- _AIM OF THE TASK_:
Every line below is to be given again precisely; images are to be left out.

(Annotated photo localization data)
———
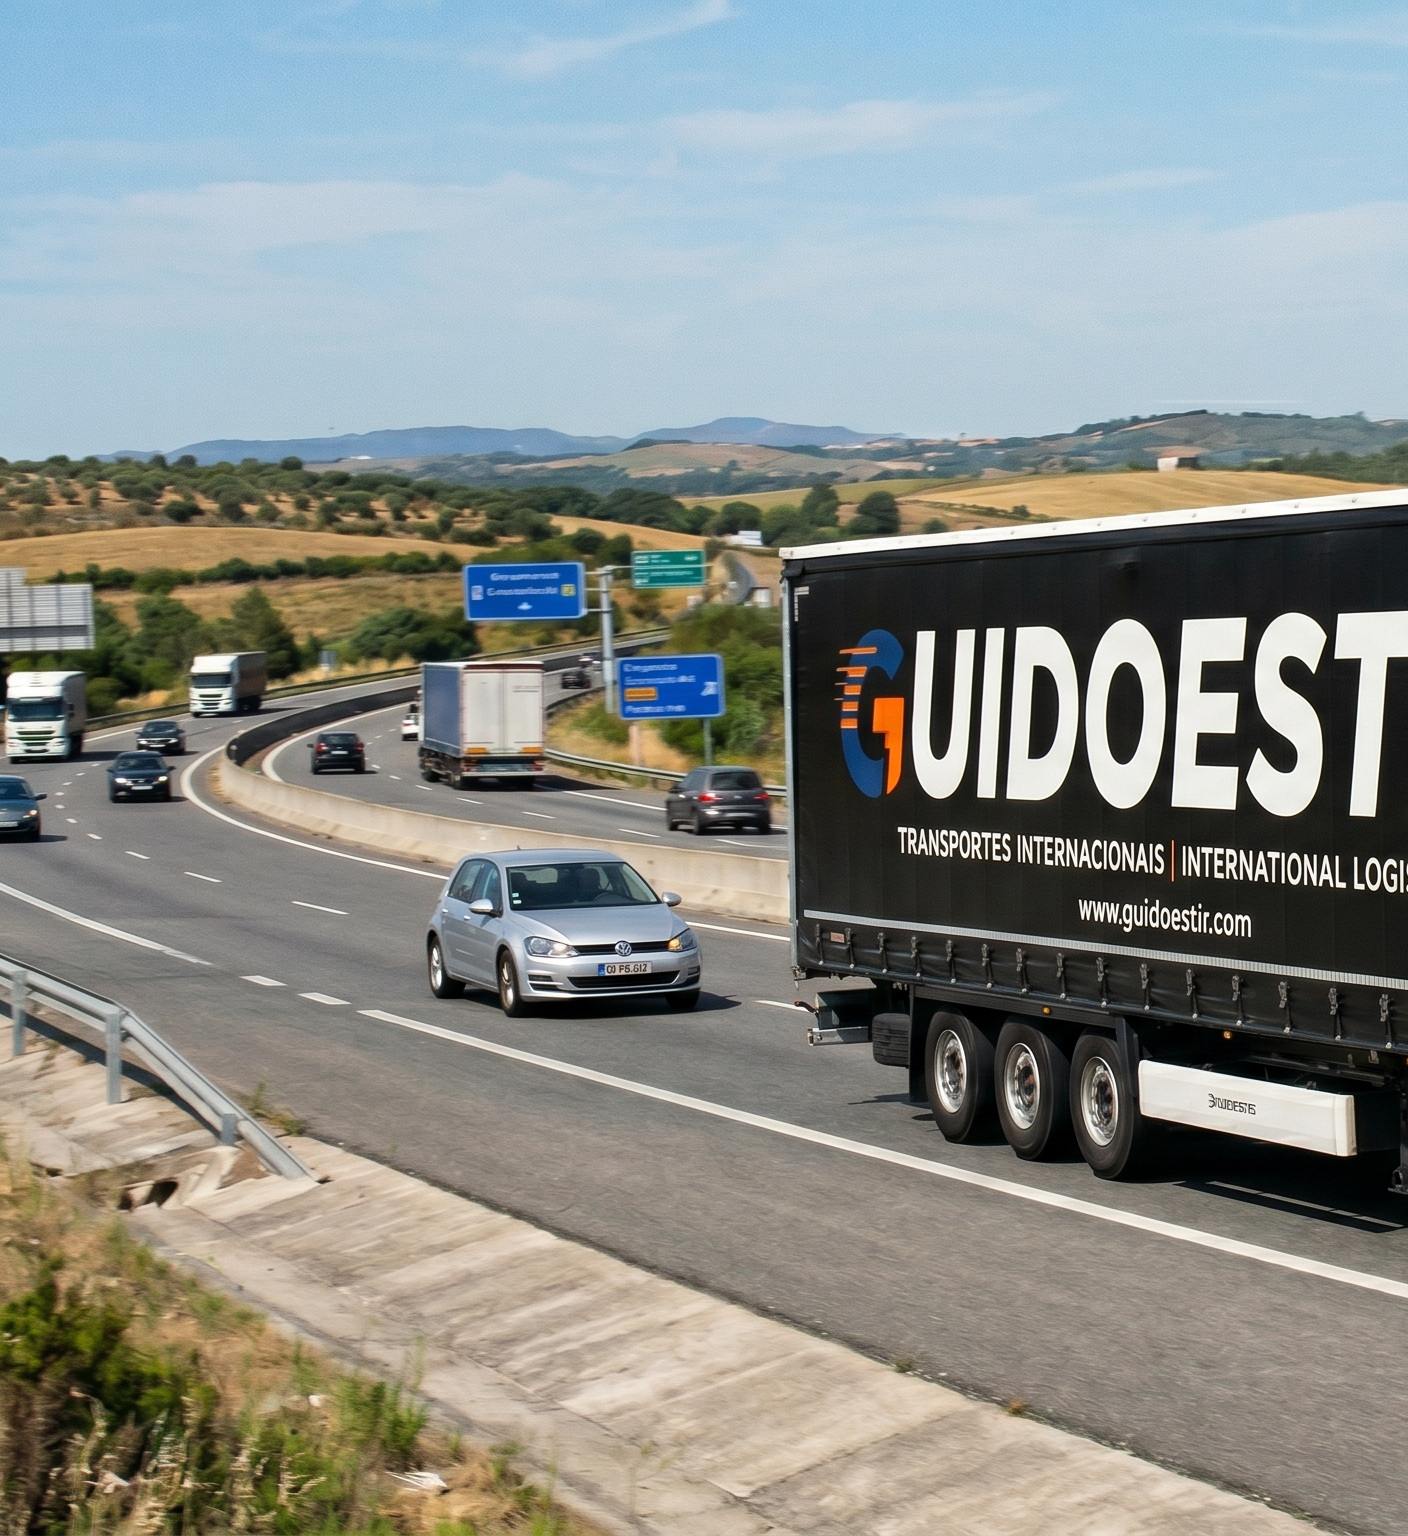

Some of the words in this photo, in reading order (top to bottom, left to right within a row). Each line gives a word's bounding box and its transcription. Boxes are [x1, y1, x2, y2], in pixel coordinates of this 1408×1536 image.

[897, 826, 1012, 863] TRANSPORTES
[1016, 834, 1165, 875] INTERNACIONAIS
[1182, 845, 1347, 889] INTERNATIONAL
[1078, 898, 1252, 938] www.guidoestir.com
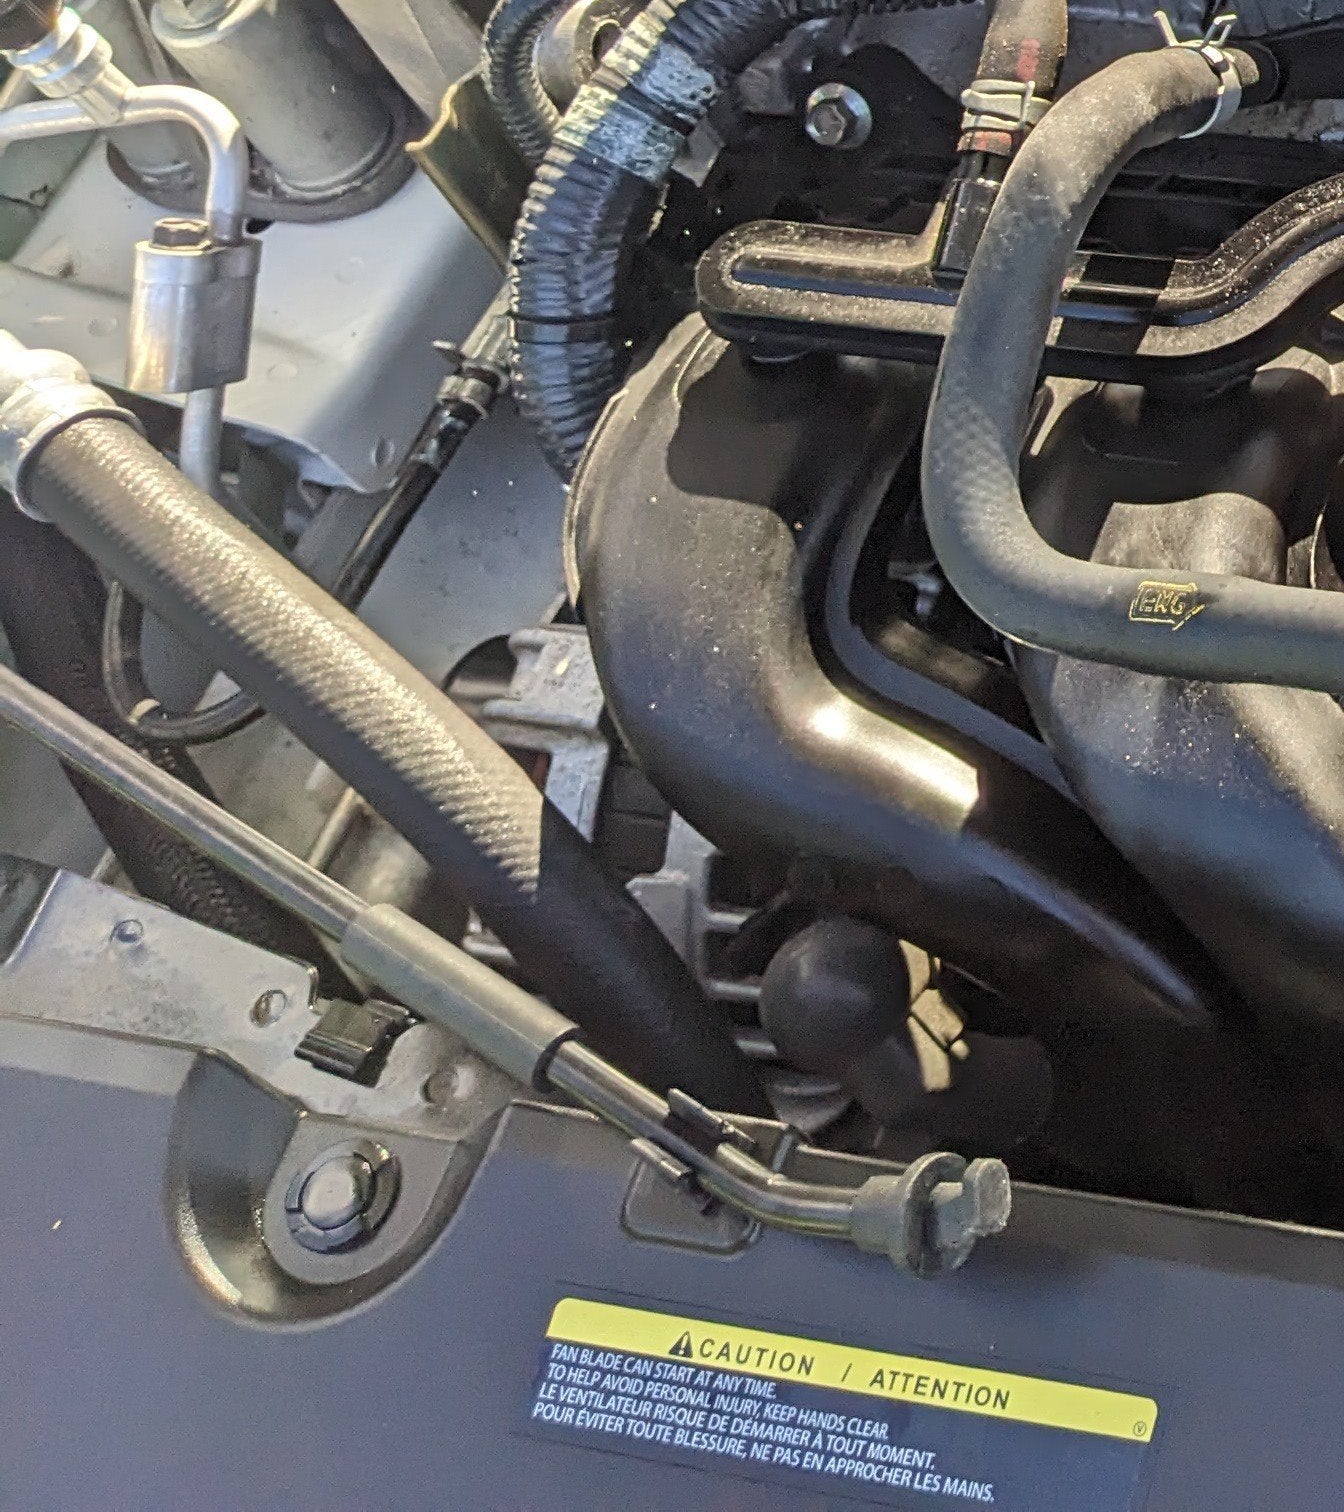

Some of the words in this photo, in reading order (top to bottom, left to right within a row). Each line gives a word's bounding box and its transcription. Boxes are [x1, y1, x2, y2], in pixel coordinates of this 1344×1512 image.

[547, 1361, 566, 1381] TO
[567, 1366, 600, 1387] HELP
[601, 1373, 643, 1395] AVOID
[643, 1380, 712, 1409] PERSONAL
[713, 1393, 762, 1420] INJURY,
[763, 1402, 797, 1422] KEEP
[797, 1407, 847, 1434] HANDS
[847, 1417, 889, 1440] CLEAR.
[550, 1343, 577, 1363] FAN
[580, 1348, 622, 1371] BLADE
[624, 1356, 651, 1375] CAN
[652, 1361, 696, 1383] START
[697, 1369, 713, 1386] AT
[713, 1372, 745, 1392] ANY
[744, 1377, 777, 1400] TIME.
[700, 1338, 815, 1376] CAUTION
[840, 1362, 854, 1383] /
[869, 1368, 1010, 1411] ATTENTION
[533, 1401, 576, 1425] POUR
[575, 1407, 625, 1433] ÉVITER
[625, 1418, 674, 1443] TOUTE
[674, 1428, 749, 1460] BLESSURE,
[750, 1442, 771, 1462] NE
[773, 1446, 801, 1468] PAS
[801, 1451, 824, 1472] EN
[824, 1455, 912, 1488] APPROCHER
[912, 1470, 942, 1494] LES
[941, 1476, 996, 1505] MAINS.
[539, 1381, 558, 1400] LE
[559, 1385, 652, 1419] VENTILATEUR
[652, 1405, 706, 1430] RISQUE
[707, 1413, 728, 1433] DE
[729, 1416, 810, 1449] DÉMARRER
[810, 1429, 823, 1450] À
[826, 1433, 865, 1457] TOUT
[865, 1441, 937, 1472] MOMENT.
———
- _SOLUTION TO THIS EXERCISE_:
Some of the words in this photo, in reading order (top to bottom, left to right within a row). Each line gives a word's bounding box and its transcription. Boxes are [x1, y1, x2, y2], in pixel coordinates of this 1408×1536 image.

[897, 826, 1012, 863] TRANSPORTES
[1016, 834, 1165, 875] INTERNACIONAIS
[1182, 845, 1347, 889] INTERNATIONAL
[1078, 898, 1252, 938] www.guidoestir.com

Some of the words in this photo, in reading order (top to bottom, left to right within a row). Each line gives a word's bounding box and its transcription. Boxes are [x1, y1, x2, y2], in pixel coordinates of this 1344×1512 image.

[547, 1361, 566, 1381] TO
[567, 1366, 600, 1387] HELP
[601, 1373, 643, 1395] AVOID
[643, 1380, 712, 1409] PERSONAL
[713, 1393, 762, 1420] INJURY,
[763, 1402, 797, 1422] KEEP
[797, 1407, 847, 1434] HANDS
[847, 1417, 889, 1440] CLEAR.
[550, 1343, 577, 1363] FAN
[580, 1348, 622, 1371] BLADE
[624, 1356, 651, 1375] CAN
[652, 1361, 696, 1383] START
[697, 1369, 713, 1386] AT
[713, 1372, 745, 1392] ANY
[744, 1377, 777, 1400] TIME.
[700, 1338, 815, 1376] CAUTION
[840, 1362, 854, 1383] /
[869, 1368, 1010, 1411] ATTENTION
[533, 1401, 576, 1425] POUR
[575, 1407, 625, 1433] ÉVITER
[625, 1418, 674, 1443] TOUTE
[674, 1428, 749, 1460] BLESSURE,
[750, 1442, 771, 1462] NE
[773, 1446, 801, 1468] PAS
[801, 1451, 824, 1472] EN
[824, 1455, 912, 1488] APPROCHER
[912, 1470, 942, 1494] LES
[941, 1476, 996, 1505] MAINS.
[539, 1381, 558, 1400] LE
[559, 1385, 652, 1419] VENTILATEUR
[652, 1405, 706, 1430] RISQUE
[707, 1413, 728, 1433] DE
[729, 1416, 810, 1449] DÉMARRER
[810, 1429, 823, 1450] À
[826, 1433, 865, 1457] TOUT
[865, 1441, 937, 1472] MOMENT.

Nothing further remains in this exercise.